What you need to do >> Skip the images and return the records below exactly.

(Referring expression grounding data)

########################################

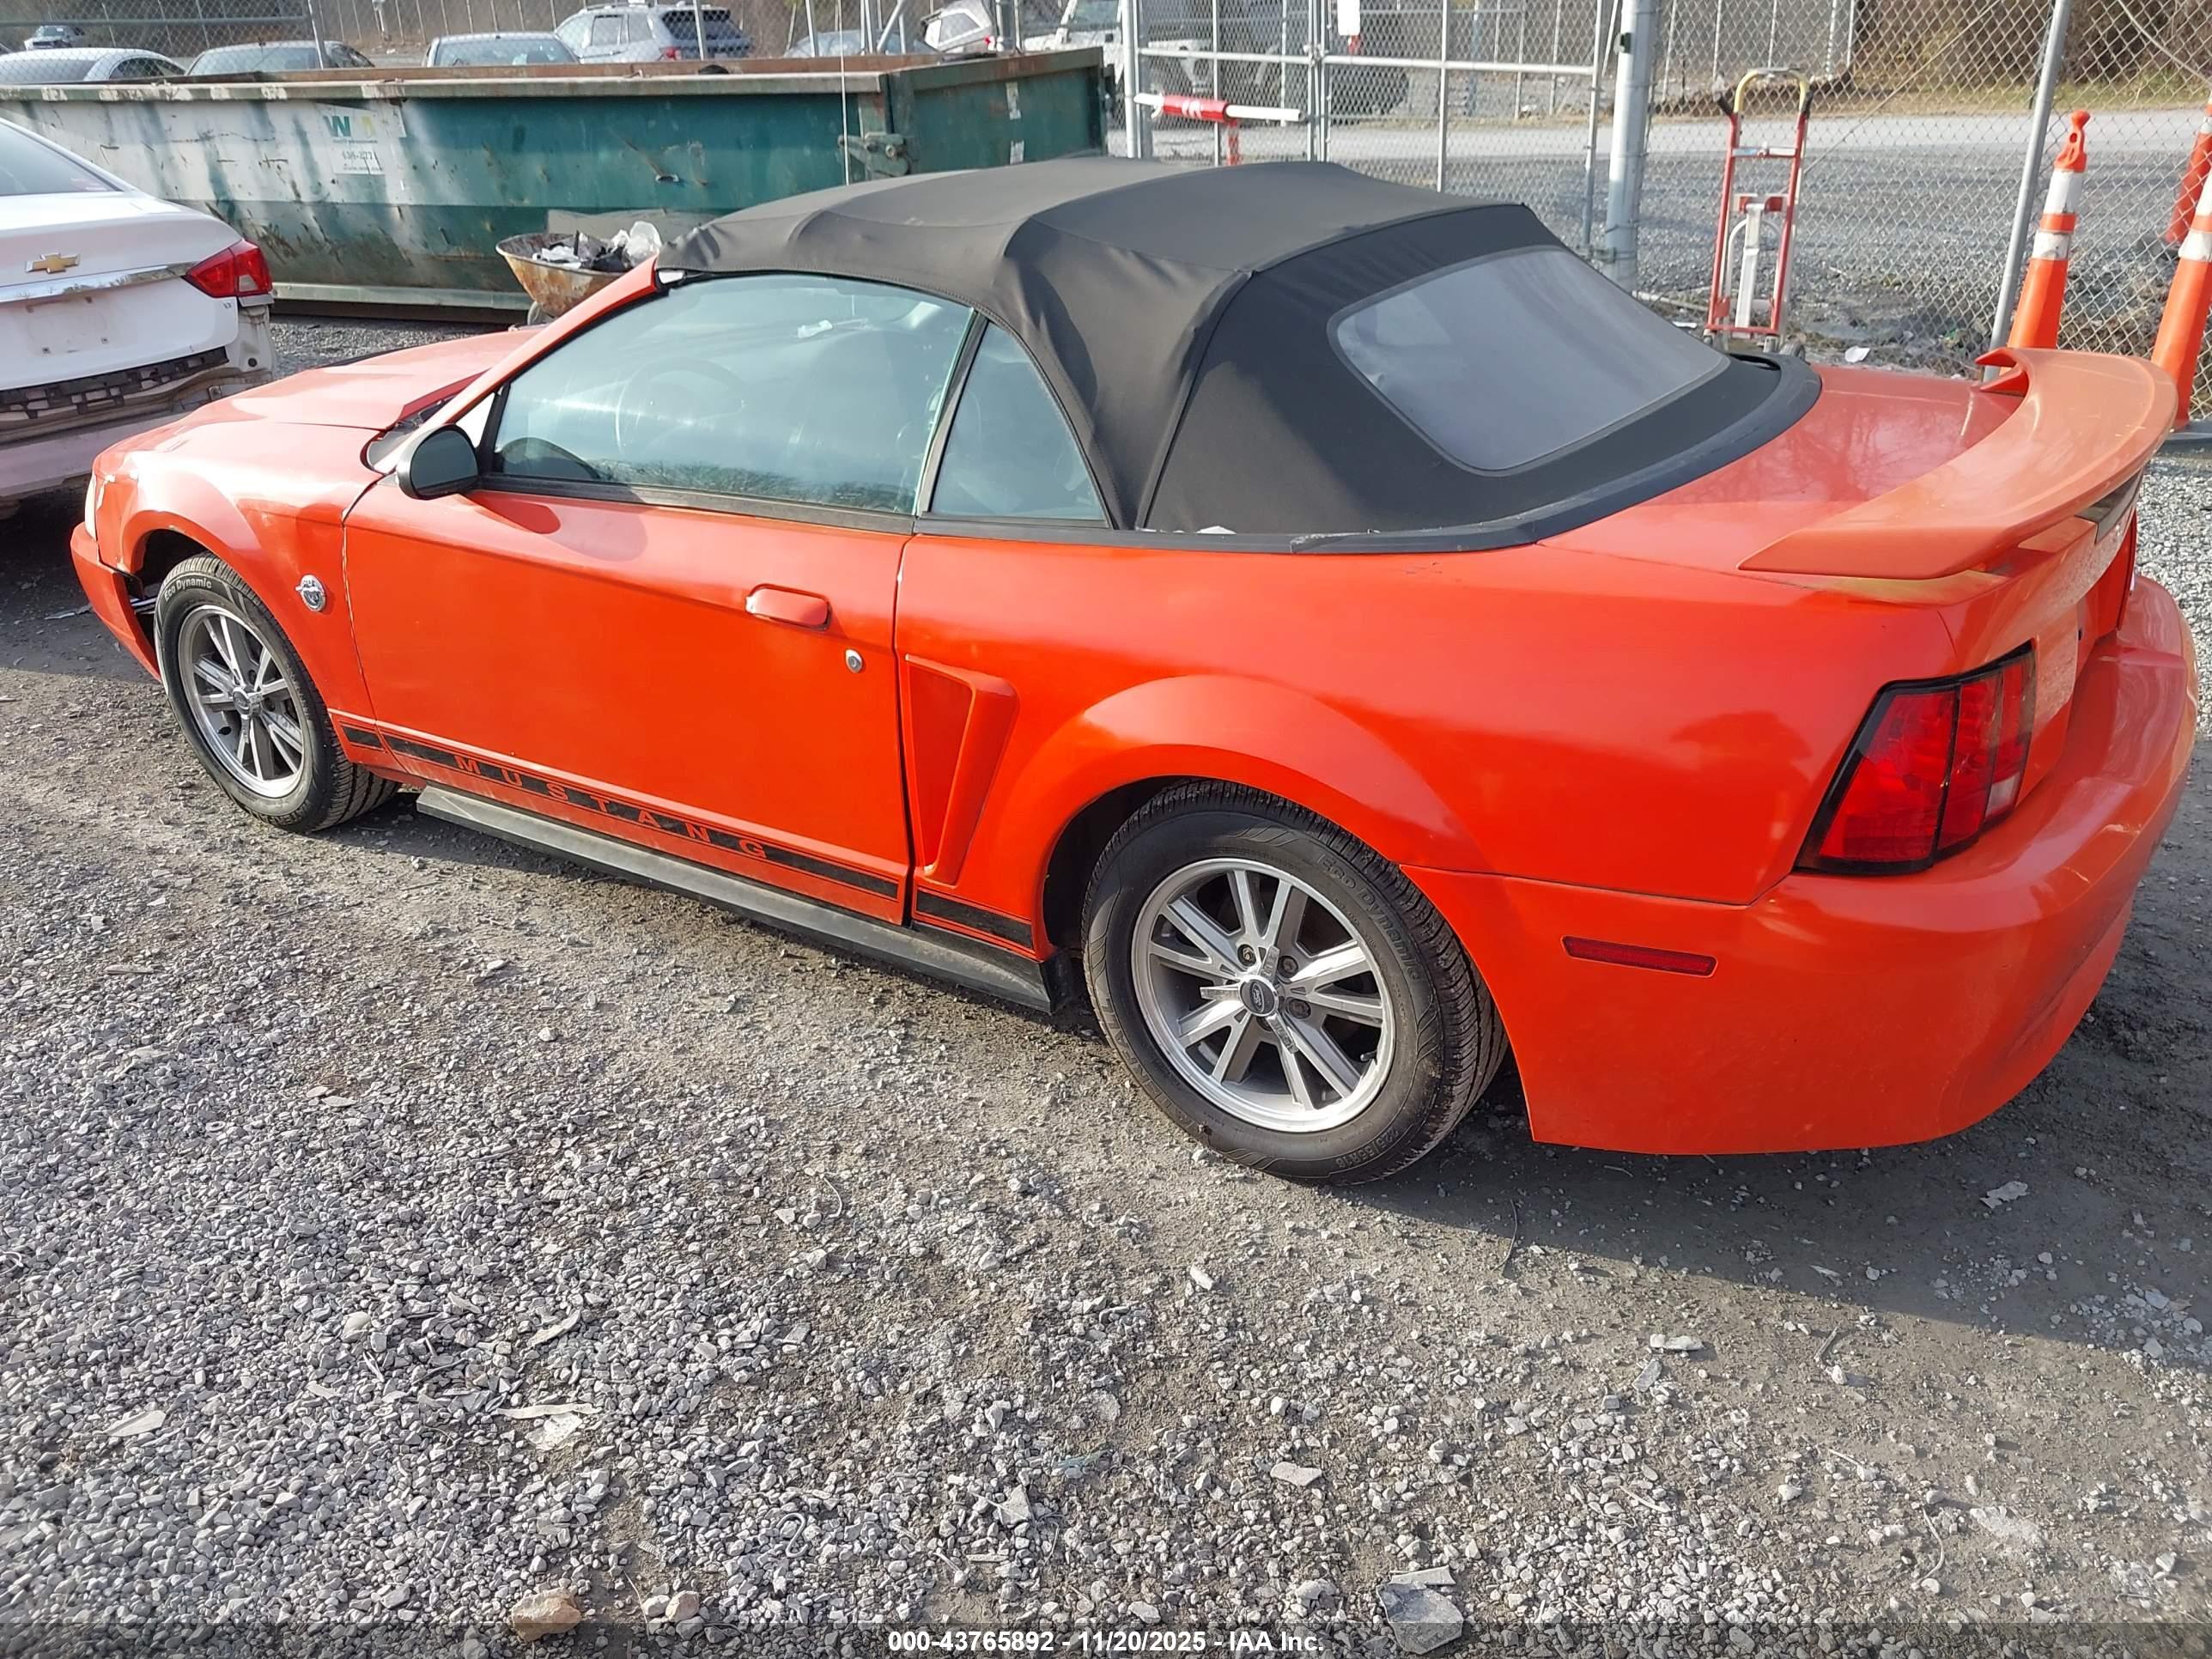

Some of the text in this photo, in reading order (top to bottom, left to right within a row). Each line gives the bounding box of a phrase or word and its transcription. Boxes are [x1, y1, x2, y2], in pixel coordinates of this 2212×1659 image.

[164, 577, 212, 603] Eco Dynamic
[454, 755, 768, 860] MUSTANG
[1316, 853, 1358, 890] Eco
[1356, 887, 1420, 979] Dynamic
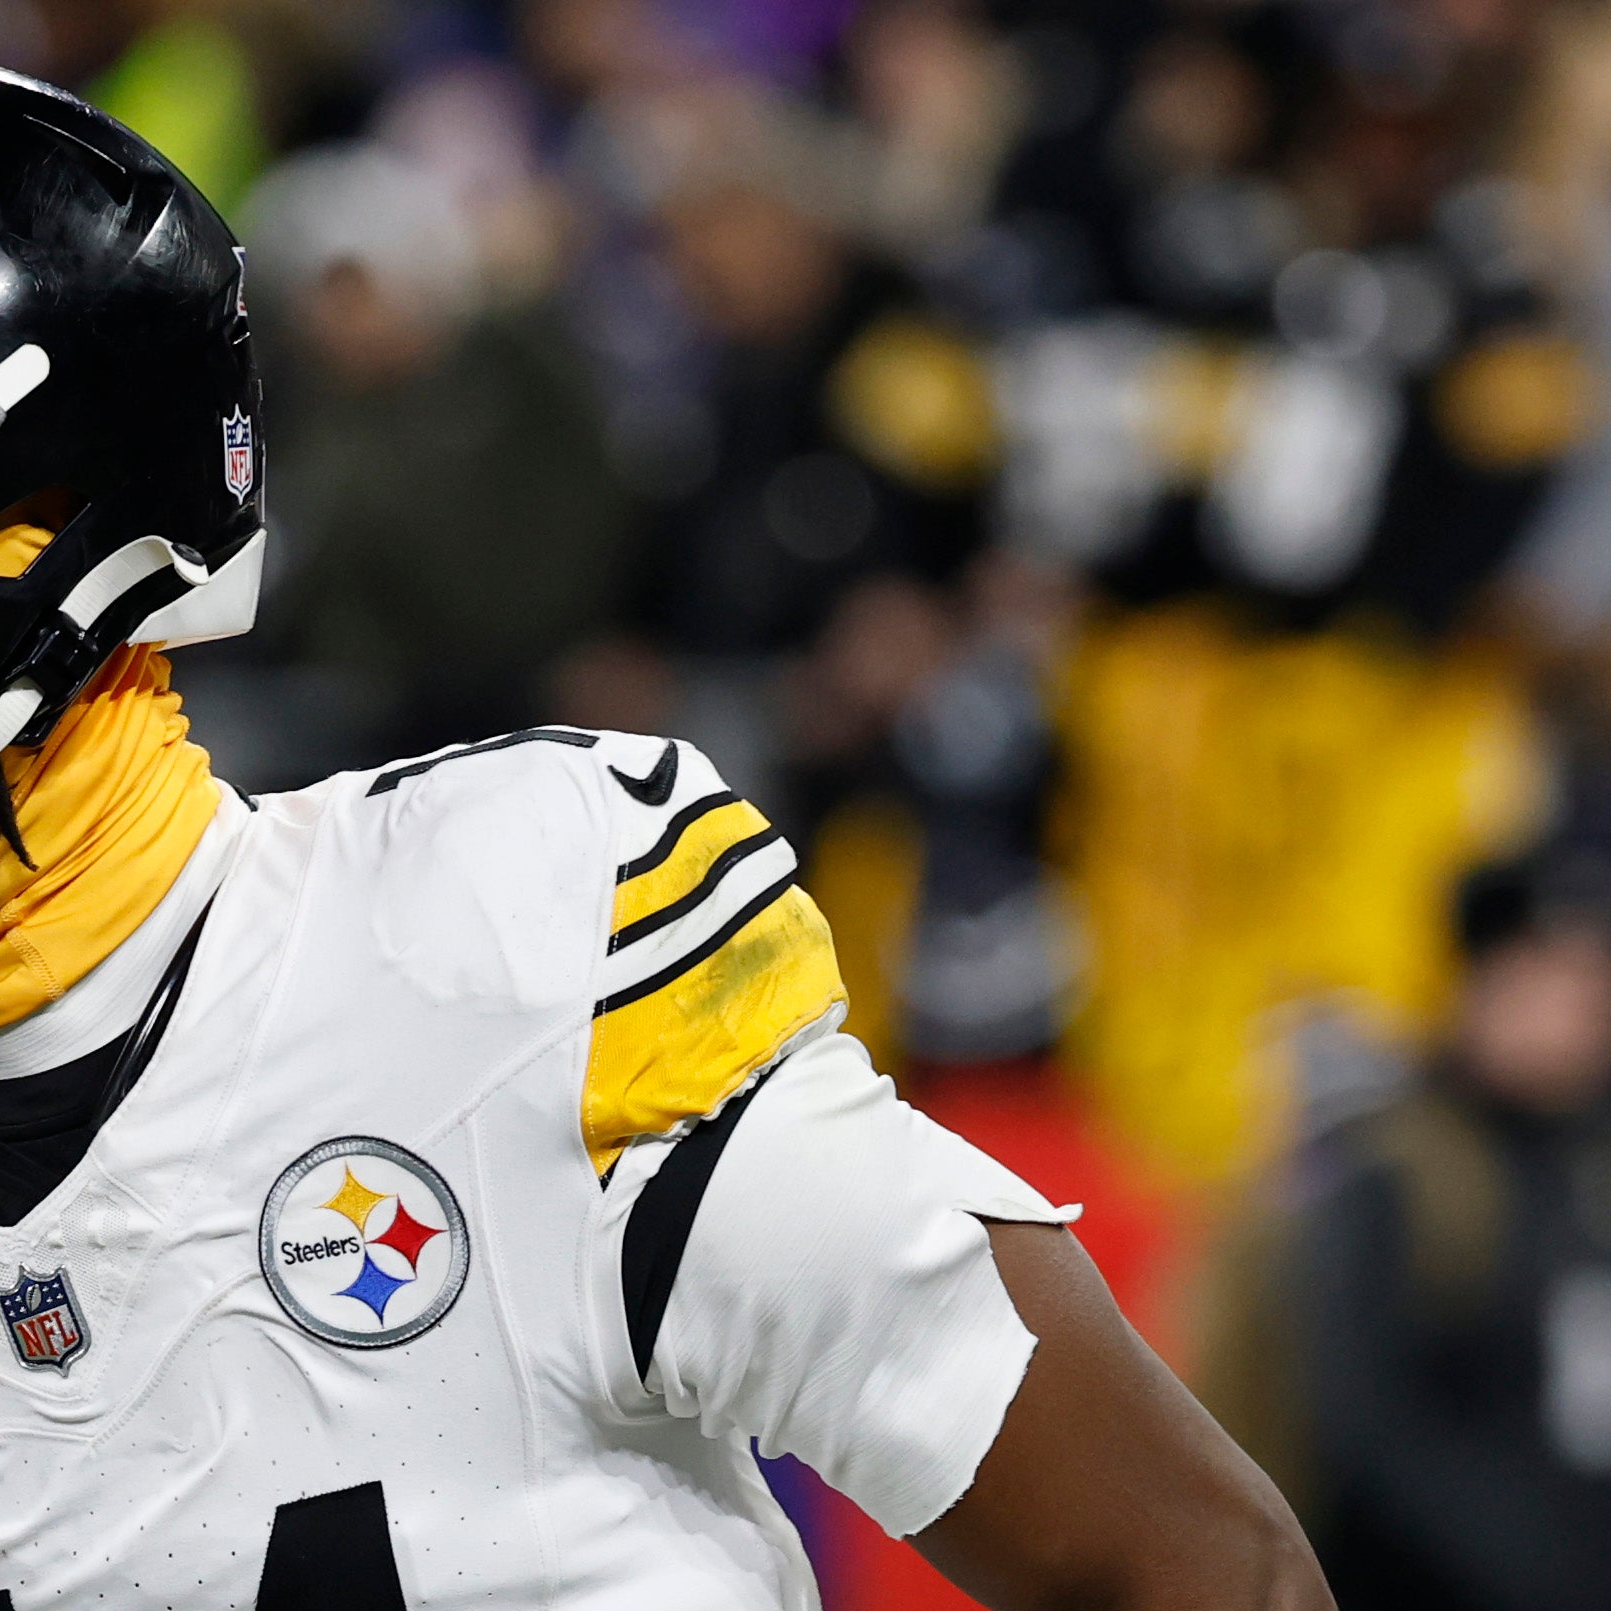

########################################

Answer for the task >>
Some of the text in this photo, in reading order (top to bottom, left to right within a row). Each line gives the bounding box of a phrase or word and its transcription. Boxes are [x1, y1, x2, y2], in pixel coordinates of this 2212×1659 image.

[164, 577, 212, 603] Eco Dynamic
[454, 755, 768, 860] MUSTANG
[1316, 853, 1358, 890] Eco
[1356, 887, 1420, 979] Dynamic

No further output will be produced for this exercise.